_Given entries_
=== Section Start ===
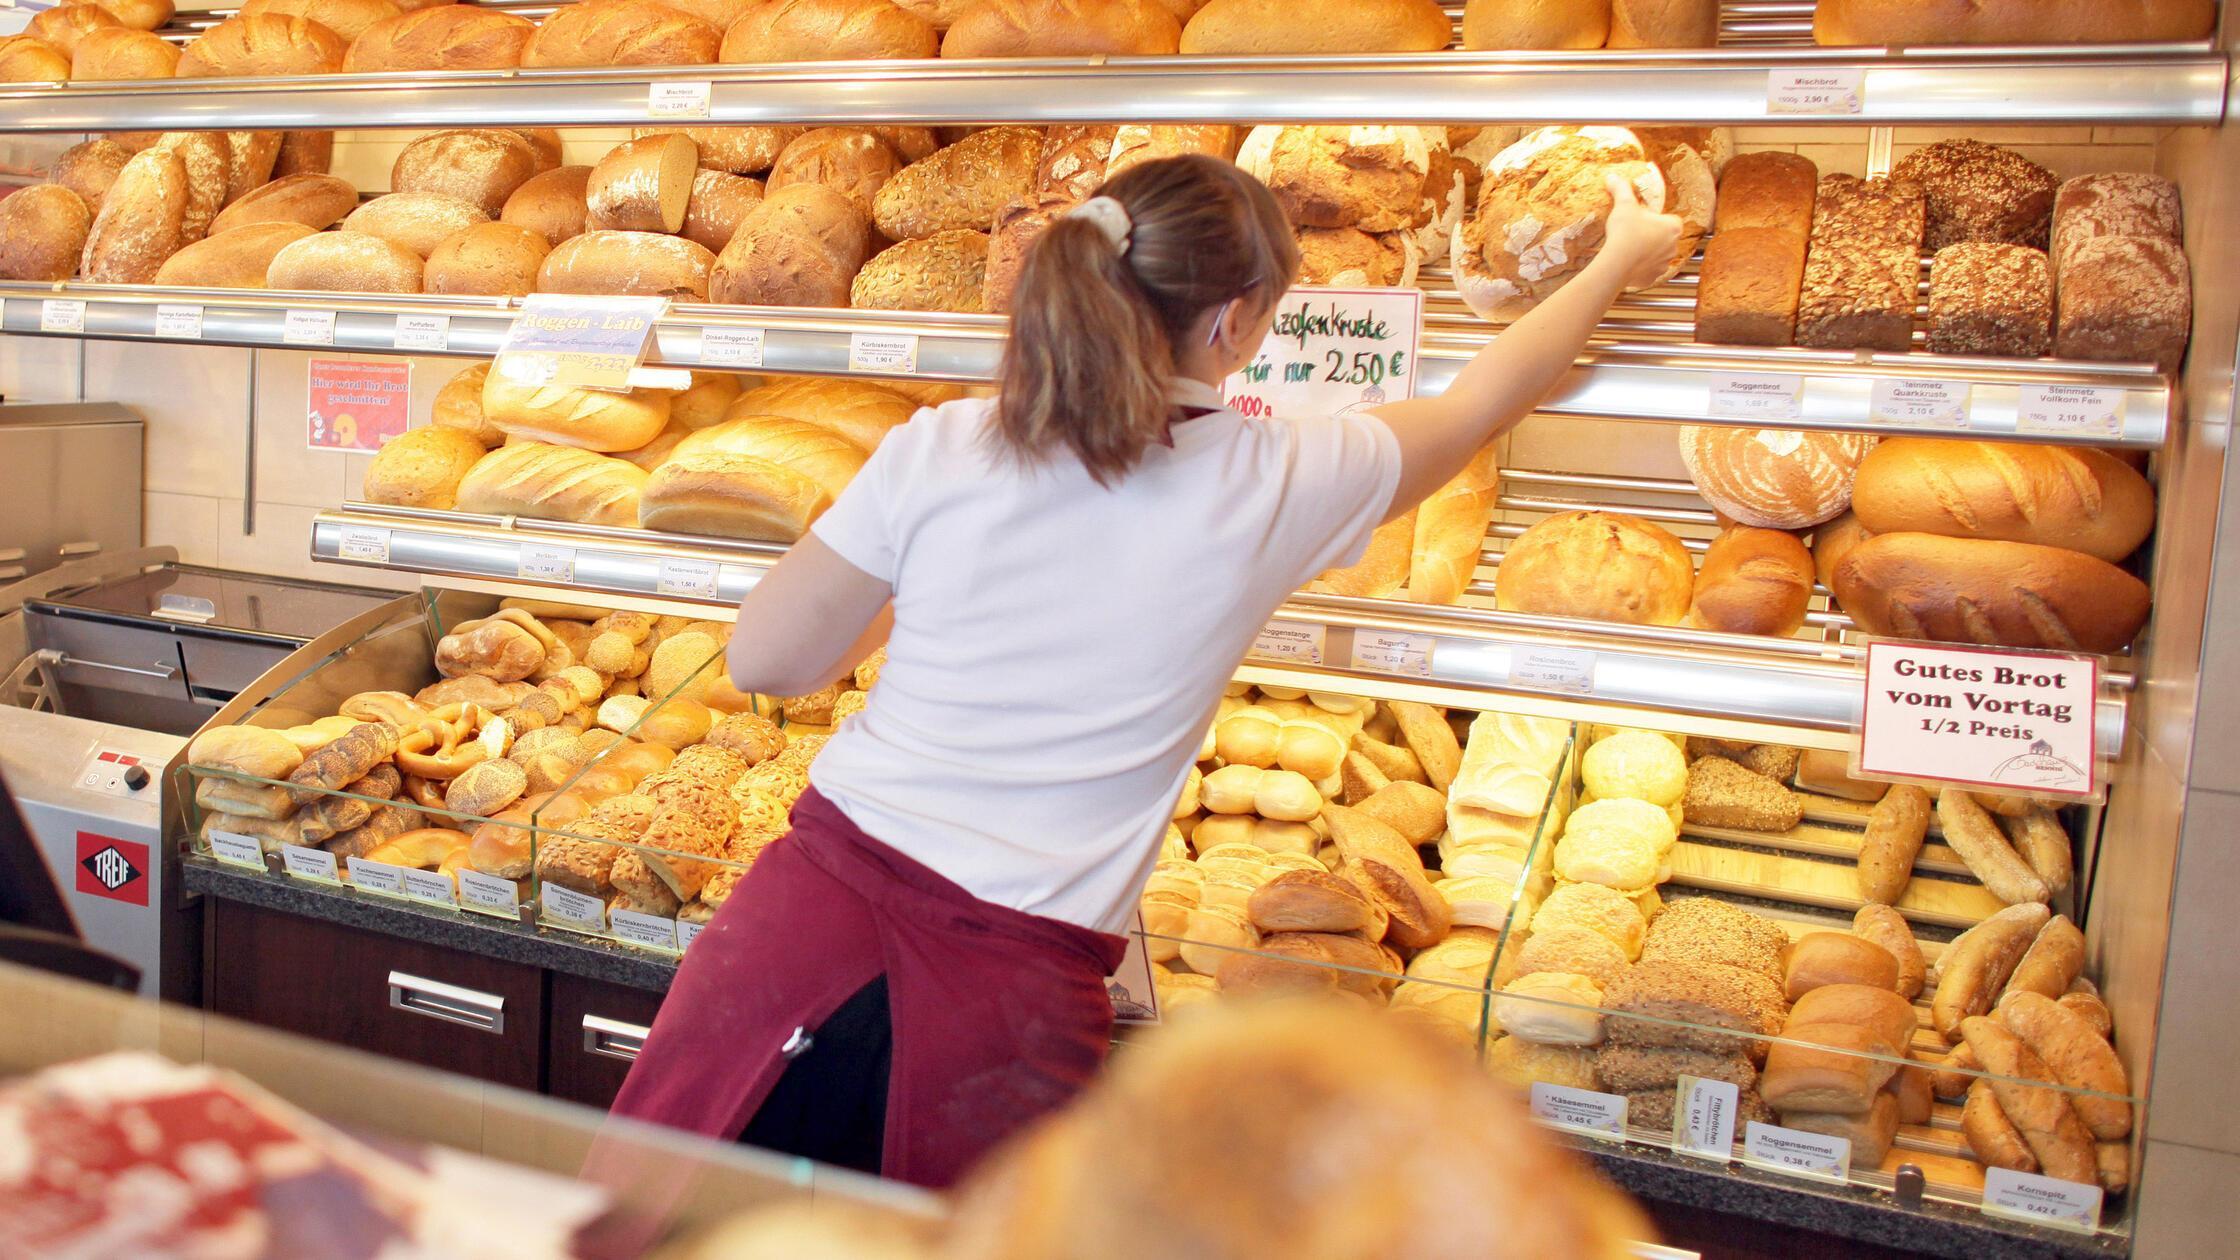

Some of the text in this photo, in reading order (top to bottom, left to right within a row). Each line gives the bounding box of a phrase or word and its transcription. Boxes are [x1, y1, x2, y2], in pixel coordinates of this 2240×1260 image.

[523, 313, 593, 332] Roggen
[600, 315, 646, 330] Laib
[861, 341, 906, 349] Kürbiskernbrot
[1284, 360, 1317, 384] nur
[1389, 350, 1407, 377] €
[312, 377, 408, 392] Hier wird Ihr Brot
[1731, 381, 1781, 392] Roggenbrot
[1901, 380, 1943, 389] teinmetz
[2048, 385, 2095, 396] Steinmetz
[1893, 389, 1948, 398] Quarkkruste
[2040, 394, 2102, 405] Vollkorn Fein
[1908, 407, 1926, 415] 2,10
[1927, 408, 1935, 416] €
[2058, 414, 2078, 423] 2,10
[2079, 414, 2086, 423] €
[1260, 627, 1311, 639] Roggenstange
[1276, 644, 1291, 653] 1,20
[1291, 645, 1297, 653] €
[1399, 656, 1406, 664] €
[1559, 673, 1565, 681] €
[1893, 658, 2067, 689] Gutes Brot
[1885, 689, 2073, 723] vom Vortag
[1920, 718, 2034, 741] 1/2 Preis
[94, 847, 130, 889] TREIF
[1551, 1095, 1606, 1112] Käsesemmel
[1567, 1114, 1585, 1124] 0,45
[1586, 1118, 1592, 1126] €
[1761, 1134, 1833, 1155] Roggensemmel
[1784, 1156, 1803, 1166] 0,38
[1805, 1160, 1812, 1168] €
[2017, 1183, 2067, 1200] Kornspitz
[2027, 1203, 2048, 1215] 0,42
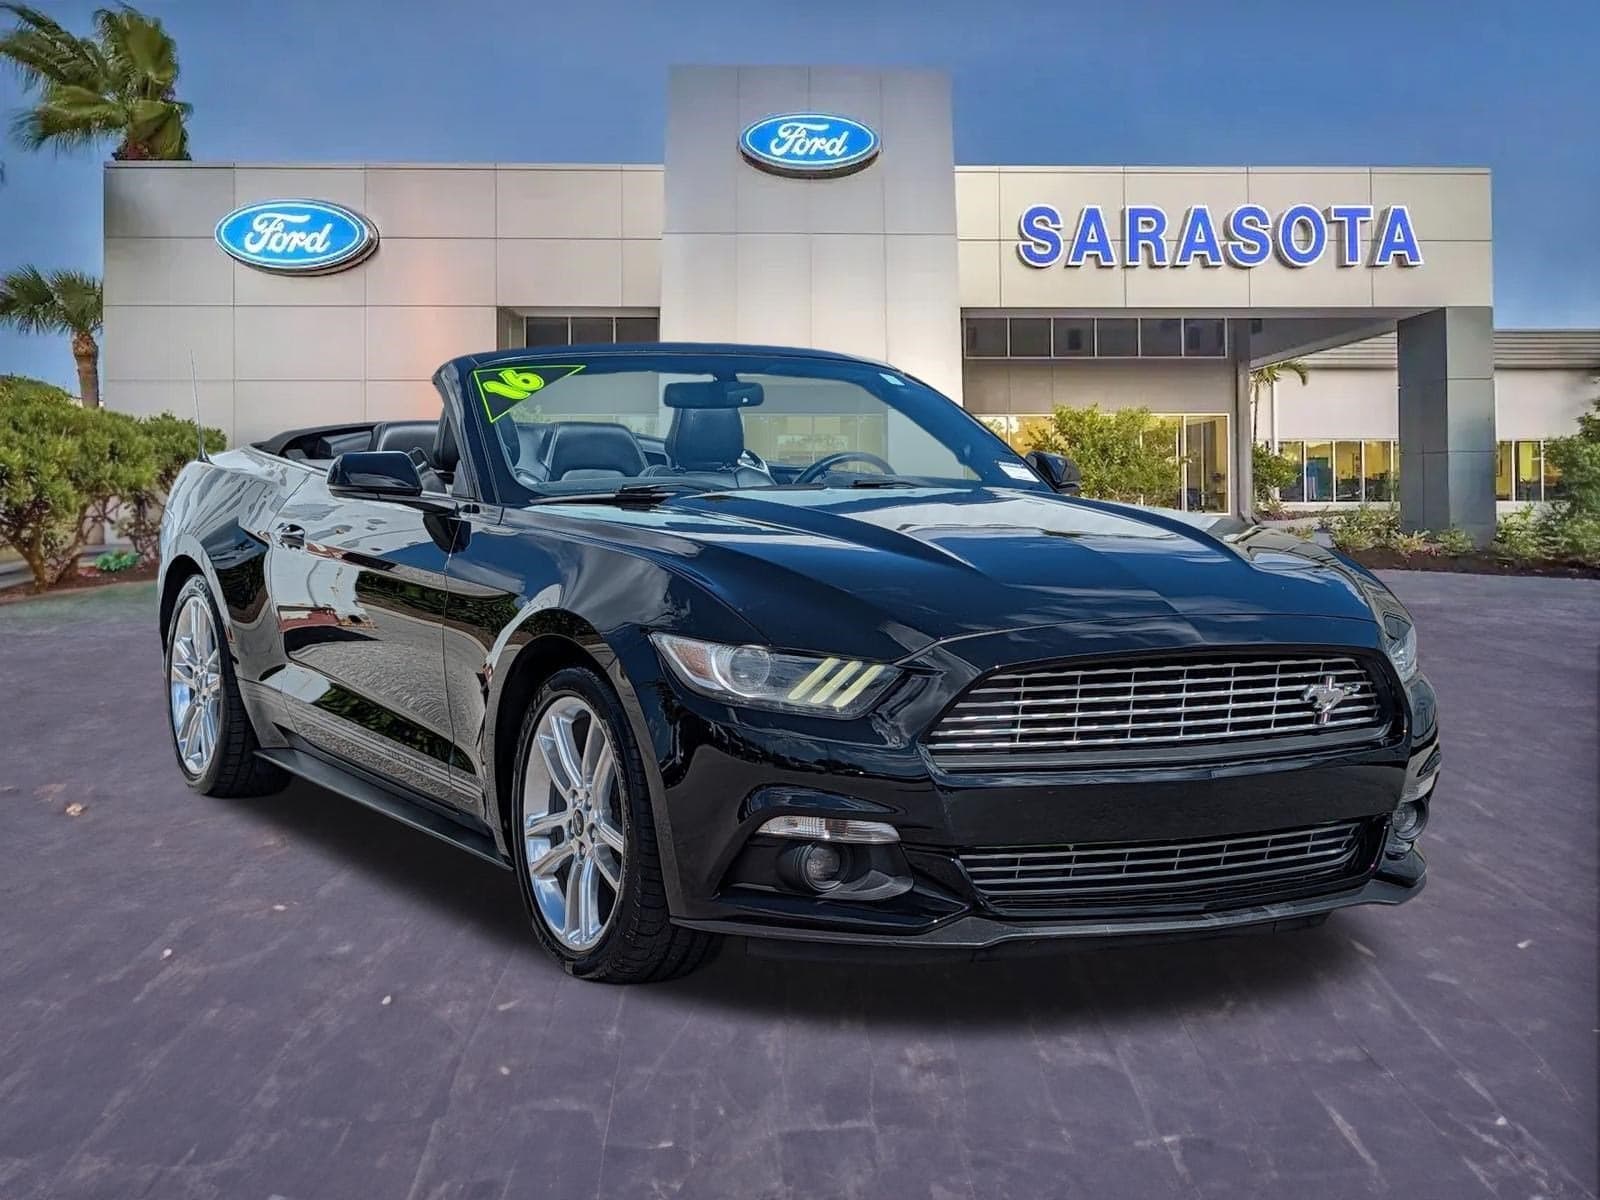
=== Section End ===
_Task item_
Pictures in the records above are left out; print everything else exactly as written.

_Response for this exercise_
Some of the text in this photo, in reading order (top to bottom, left to right within a row). Each line gives the bounding box of a phrase or word and its transcription. Boxes are [x1, y1, x2, y2], in pixel coordinates of this 2240×1260 image.

[523, 313, 593, 332] Roggen
[600, 315, 646, 330] Laib
[861, 341, 906, 349] Kürbiskernbrot
[1284, 360, 1317, 384] nur
[1389, 350, 1407, 377] €
[312, 377, 408, 392] Hier wird Ihr Brot
[1731, 381, 1781, 392] Roggenbrot
[1901, 380, 1943, 389] teinmetz
[2048, 385, 2095, 396] Steinmetz
[1893, 389, 1948, 398] Quarkkruste
[2040, 394, 2102, 405] Vollkorn Fein
[1908, 407, 1926, 415] 2,10
[1927, 408, 1935, 416] €
[2058, 414, 2078, 423] 2,10
[2079, 414, 2086, 423] €
[1260, 627, 1311, 639] Roggenstange
[1276, 644, 1291, 653] 1,20
[1291, 645, 1297, 653] €
[1399, 656, 1406, 664] €
[1559, 673, 1565, 681] €
[1893, 658, 2067, 689] Gutes Brot
[1885, 689, 2073, 723] vom Vortag
[1920, 718, 2034, 741] 1/2 Preis
[94, 847, 130, 889] TREIF
[1551, 1095, 1606, 1112] Käsesemmel
[1567, 1114, 1585, 1124] 0,45
[1586, 1118, 1592, 1126] €
[1761, 1134, 1833, 1155] Roggensemmel
[1784, 1156, 1803, 1166] 0,38
[1805, 1160, 1812, 1168] €
[2017, 1183, 2067, 1200] Kornspitz
[2027, 1203, 2048, 1215] 0,42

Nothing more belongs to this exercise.